Por aquel entonces me inventé un juego con estos palos y los cantos de las casas que aparecían detrás de ellos. Sí, has leído bien señor o señora lectora, los cantos de las casas, ese momento donde la mirada consigue ver perfectamente la recta vertical, como dibujada en un plano, que genera uno de los lados de la casa –casas bajas, de máximo una planta, lo que puedes hacerte una idea del lugar del que hablo–. En ese estar atento al paisaje y adentrarme en su velocidad, en momentos milagrosos, era posible cuadrar perfectamente mi mirada, el punto de enfoque de los ojos de un niño de 12 años, con la señal levantada y la vertical de la fachada que quedaba atrás. Aquello me resultaba mágico. Qué más podía pedir. En cambio, esto no terminaba aquí. ¡Yo quería participar en todo aquello!, por lo que añadí a la fiesta de las líneas verticales una contracción de los músculos cercanos a la rodilla derecha, convirtiendo toda esta parafernalia en un trío exquisito de música de cámara.

Qué absurdo queda contar aquel recuerdo anecdótico, por no entrar en la falta de recursos que tengo a la hora de describirlo. Pero bueno, todo esto venía a cuento del rojo viaje aquel domingo cuando tenía doce años.

Nos reunimos con los amigos del autorizado y experimentado que controlaba el volante. Todos estaban contentos de volverse a ver aquella mañana, yo incluido. El maravilloso amanecer, de colores tan intensos como desechas estaban las nubes, no era el protagonista. A día de hoy, y con el tiempo como espacio, creo entender que lo que les convertía en alegres señores era lo ocioso (y violento) del momento.

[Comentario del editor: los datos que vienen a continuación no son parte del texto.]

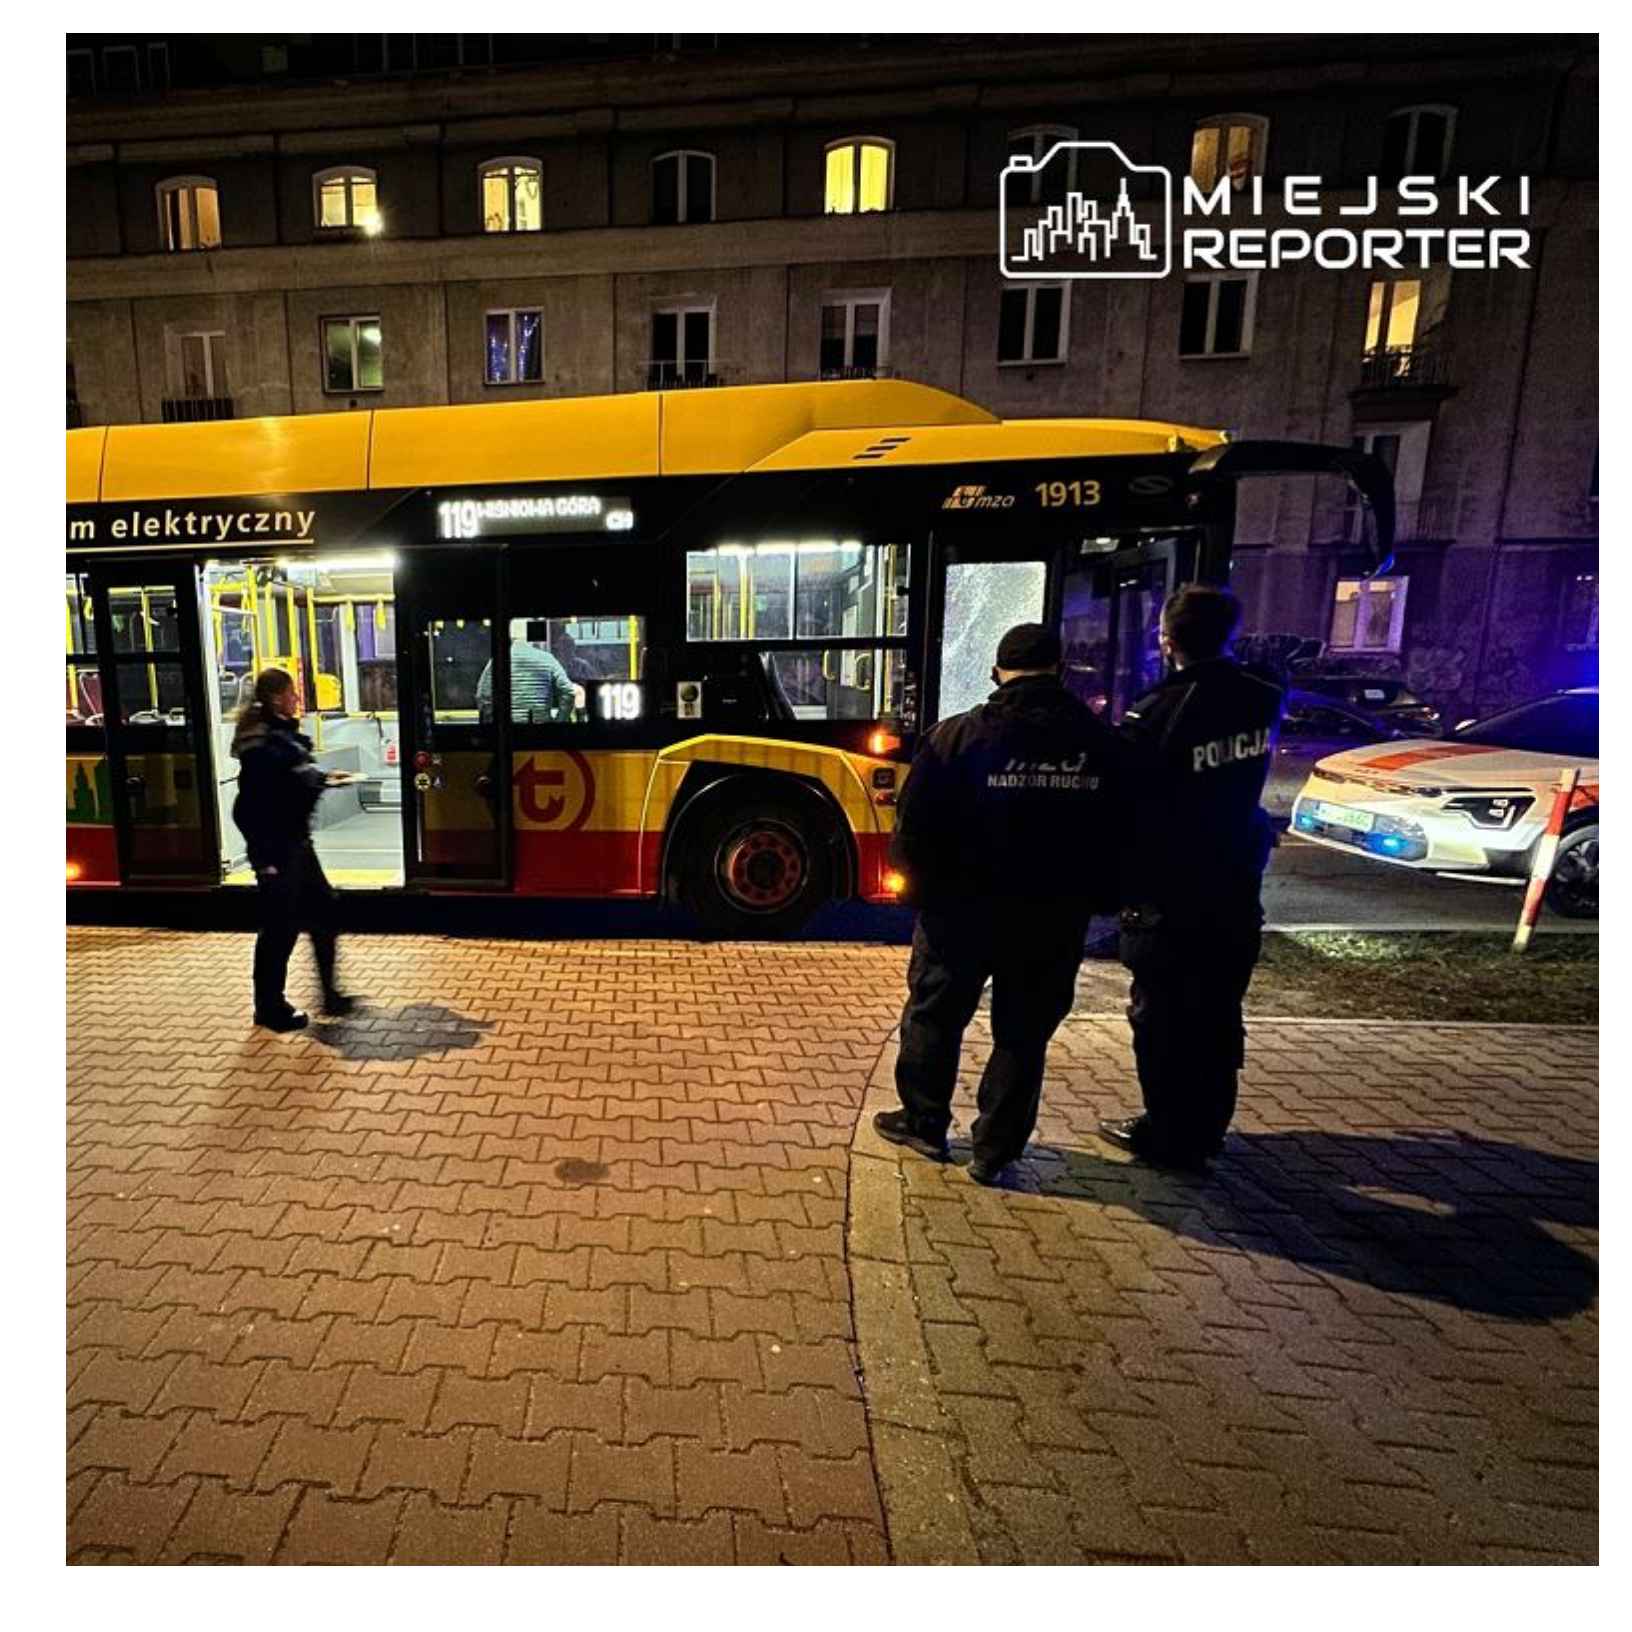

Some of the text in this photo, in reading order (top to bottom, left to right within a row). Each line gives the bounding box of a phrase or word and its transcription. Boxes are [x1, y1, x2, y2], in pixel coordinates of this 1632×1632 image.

[1035, 480, 1101, 507] 1913
[111, 509, 315, 540] elektryczny
[438, 500, 480, 538] 119
[600, 683, 640, 720] 119
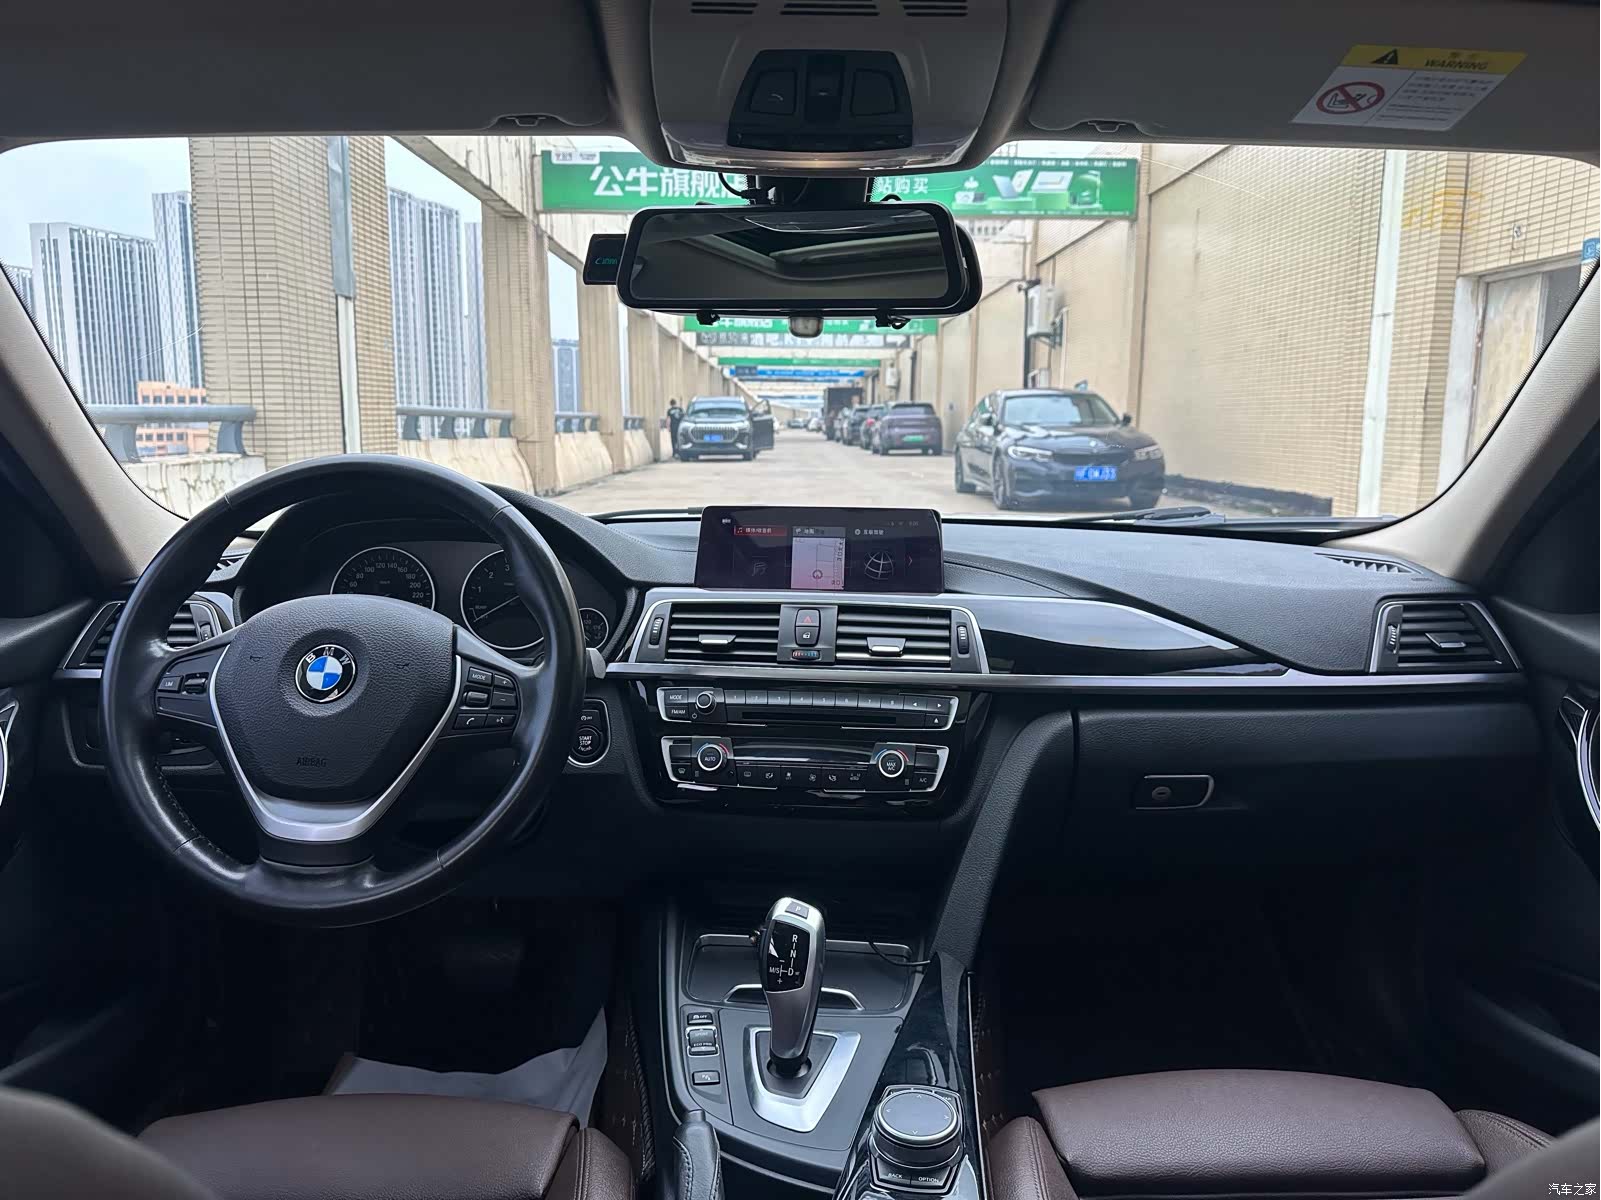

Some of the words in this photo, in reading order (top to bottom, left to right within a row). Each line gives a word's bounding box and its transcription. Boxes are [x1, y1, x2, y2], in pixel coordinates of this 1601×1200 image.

[1424, 58, 1488, 71] WARNING
[305, 646, 351, 665] BMW
[471, 673, 486, 681] MODE
[792, 934, 798, 943] R
[789, 949, 797, 958] N
[769, 966, 780, 975] M/S
[787, 967, 794, 976] D
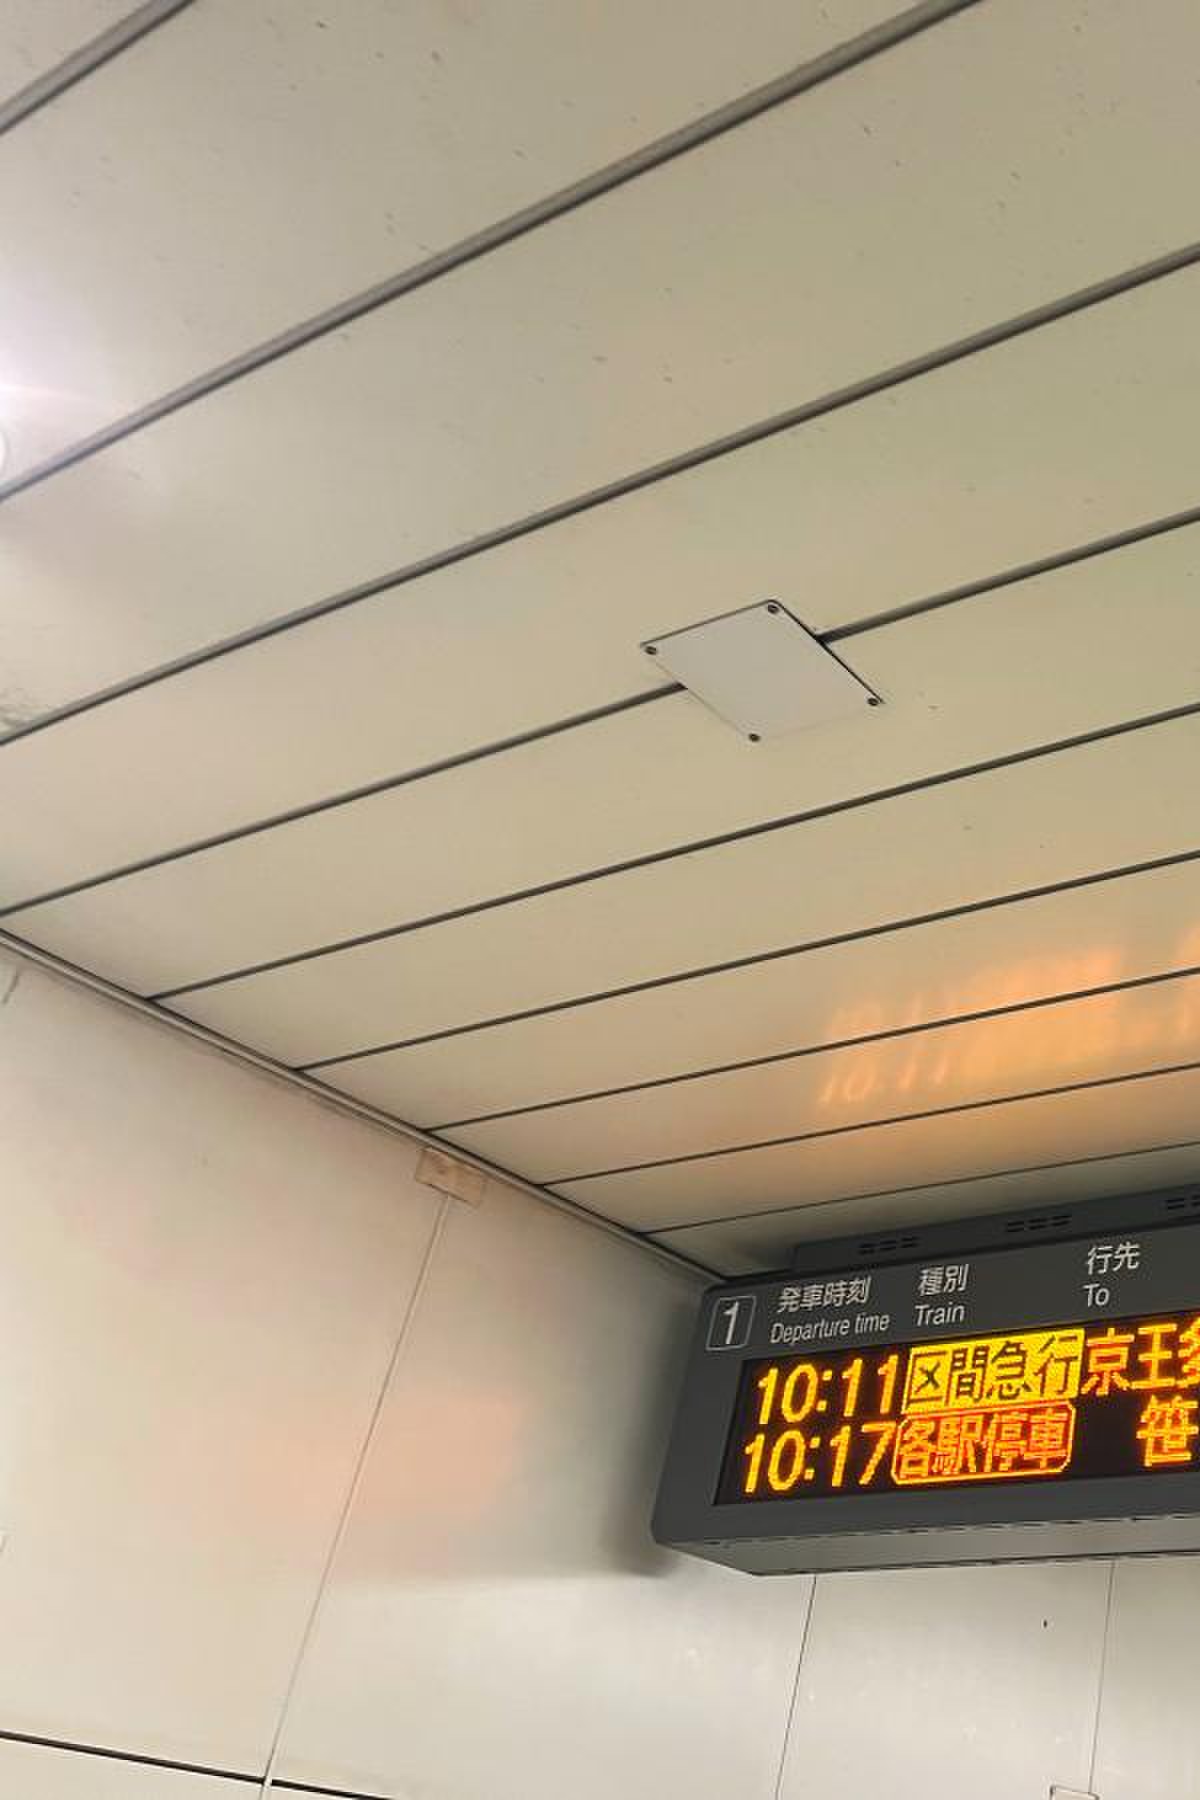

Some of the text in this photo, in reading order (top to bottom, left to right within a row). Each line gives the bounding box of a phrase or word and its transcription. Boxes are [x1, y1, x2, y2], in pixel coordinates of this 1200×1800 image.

[1085, 1240, 1142, 1276] 行先
[776, 1275, 872, 1314] 発車時刻
[916, 1263, 970, 1297] 種別
[1082, 1282, 1110, 1308] To
[723, 1301, 740, 1345] 1
[769, 1312, 891, 1346] Departure time
[914, 1302, 966, 1327] Train
[757, 1354, 899, 1426] 10:11
[909, 1333, 1080, 1403] 区間急行
[744, 1420, 899, 1494] 10:17
[899, 1403, 1069, 1478] 各駅停車

Lo importante –sin duda alguna, lo más importante– de aquellos domingos era tener buena mano. Lo decía uno u otro: ¡Qué buena mano tienes! Siempre repetían con entusiasmo aquella frase cuando su fina mirada se coordinaba de forma sublime, como los músculos de mi rodilla, con el dedo índice, y seguidamente, llegaba el destacado staccato del disparo. ¡Qué buena mano!, se volvía a repetir. Así, entre mancos y verdaderos ases pasamos aquella mañana. Yo no hacía más que mirar y aprender.

Aquellas lecciones –así lo veo ahora– me las daban como si fueran las claves de todo lo que vendría después. A los 13, a las 28, incluso a los 50, edad por la que rondaban todas aquellas barrigas. Nada me sonaba raro. “La clave es, donde pongas el ojo poner el dedo”.

El juego de las canicas, del cual yo era pésimo participante, tenía las mismas reglas. Visualizar la bola del enemigo, enfocar la tuya como si el resto del universo se borrara, y disparar. Si eras bueno en esta empresa y conseguías sacar la bola amarilla y brillante, que tú no te podías permitir, aquella batalla la tenías ganada. En aquel momento el premio eran las envidiosas canicas de tus adversarios, en nuestro domingo de escopeta era el orgullo de cuerpos muertos.

Sin embargo, este día fue diferente a todos los anteriores y a todos los que vendrían después. Me decidí a hablar, pregunté si yo podía probar el disparo. Sin tenerlo claro, me había visto preparado. La intuición se presentaba dispuesta a coger el volante. Todos se rieron como si hubiesen recordado el momento en el que ellos hicieron la misma pregunta.

“¡Venga, que ya está hecho un hombre!”, dijo uno de ellos, y aunque parezca extraño, era el más maleducado e inmaduro –toda una respetada autoridad–. Me acercaron el arma, cómo pesaba aquello. El recuerdo me hace comparar el peso físico con el estruendo que provocaba, y la verdad que, con diferentes unidades de medida, el valor sería idéntico.

Lo siguiente fue sangre. No era la de una presa aleatoria que se posó en el camino de mi mirada, esta se presentaba deslizándose por la propia palma de mi mano.

No logré disparar ni aquel día ni nunca, y la mano me quedó marcada para siempre. A día de hoy –justo en este momento la estoy viendo–, cuando han pasado más o menos veinte años, aún forma parte de la geografía de mi mano izquierda.